_WHAT YOU HAVE TO DO_
Reproduce the records. Keep every word exact and include no images.

Records contained in a dataset

◆ ◆ ◆ ◆

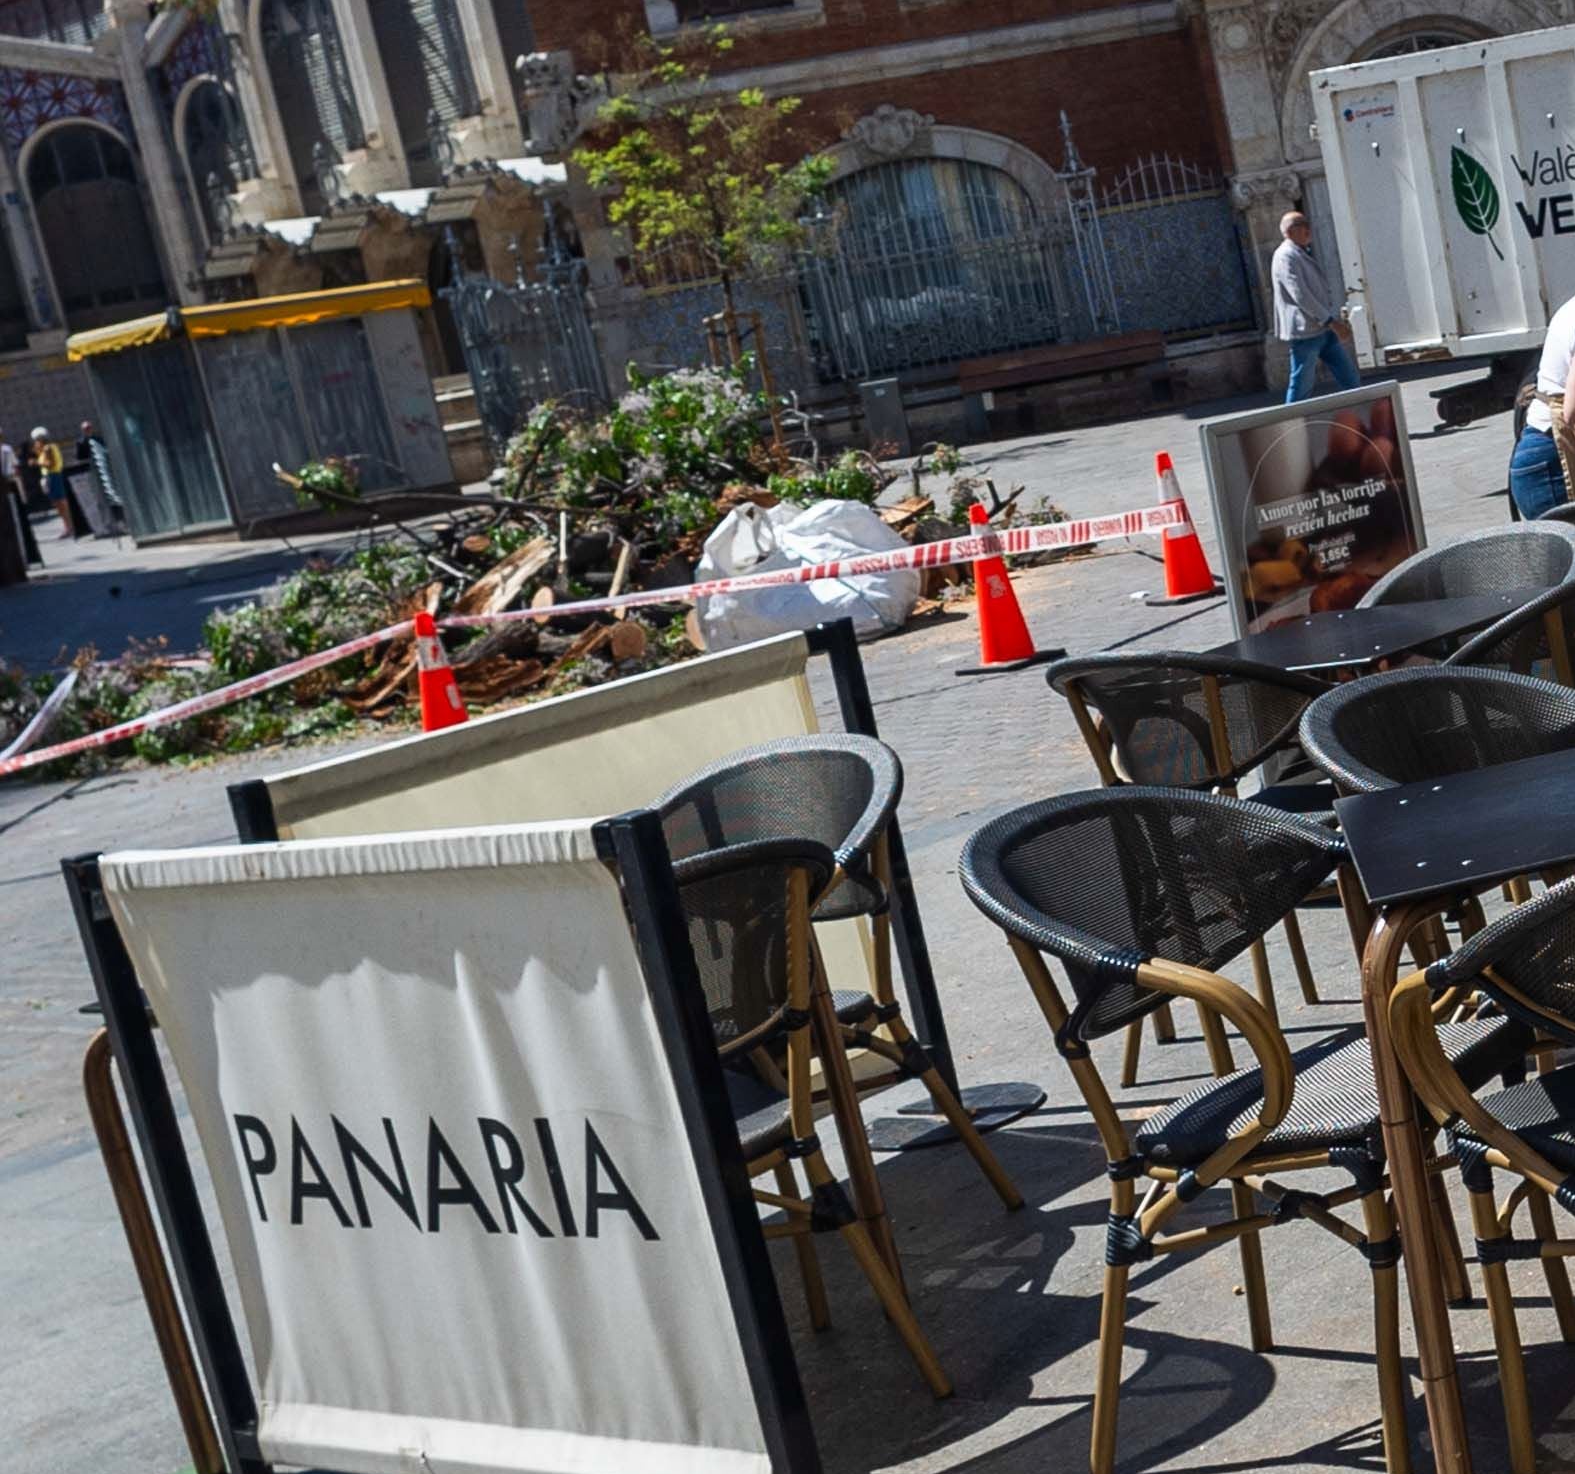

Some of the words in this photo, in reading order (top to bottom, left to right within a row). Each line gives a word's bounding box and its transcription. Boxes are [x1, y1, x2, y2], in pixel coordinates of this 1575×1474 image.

[1258, 503, 1294, 525] Amor
[1295, 496, 1320, 515] por
[1319, 488, 1341, 508] las
[1342, 478, 1387, 501] torrijas
[1327, 503, 1371, 527] hechas
[233, 1113, 660, 1241] PANARIA

◆ ◆ ◆ ◆

_SOLVED PROBLEM_
Some of the words in this photo, in reading order (top to bottom, left to right within a row). Each line gives a word's bounding box and its transcription. Boxes are [x1, y1, x2, y2], in pixel coordinates of this 1575×1474 image.

[1258, 503, 1294, 525] Amor
[1295, 496, 1320, 515] por
[1319, 488, 1341, 508] las
[1342, 478, 1387, 501] torrijas
[1327, 503, 1371, 527] hechas
[233, 1113, 660, 1241] PANARIA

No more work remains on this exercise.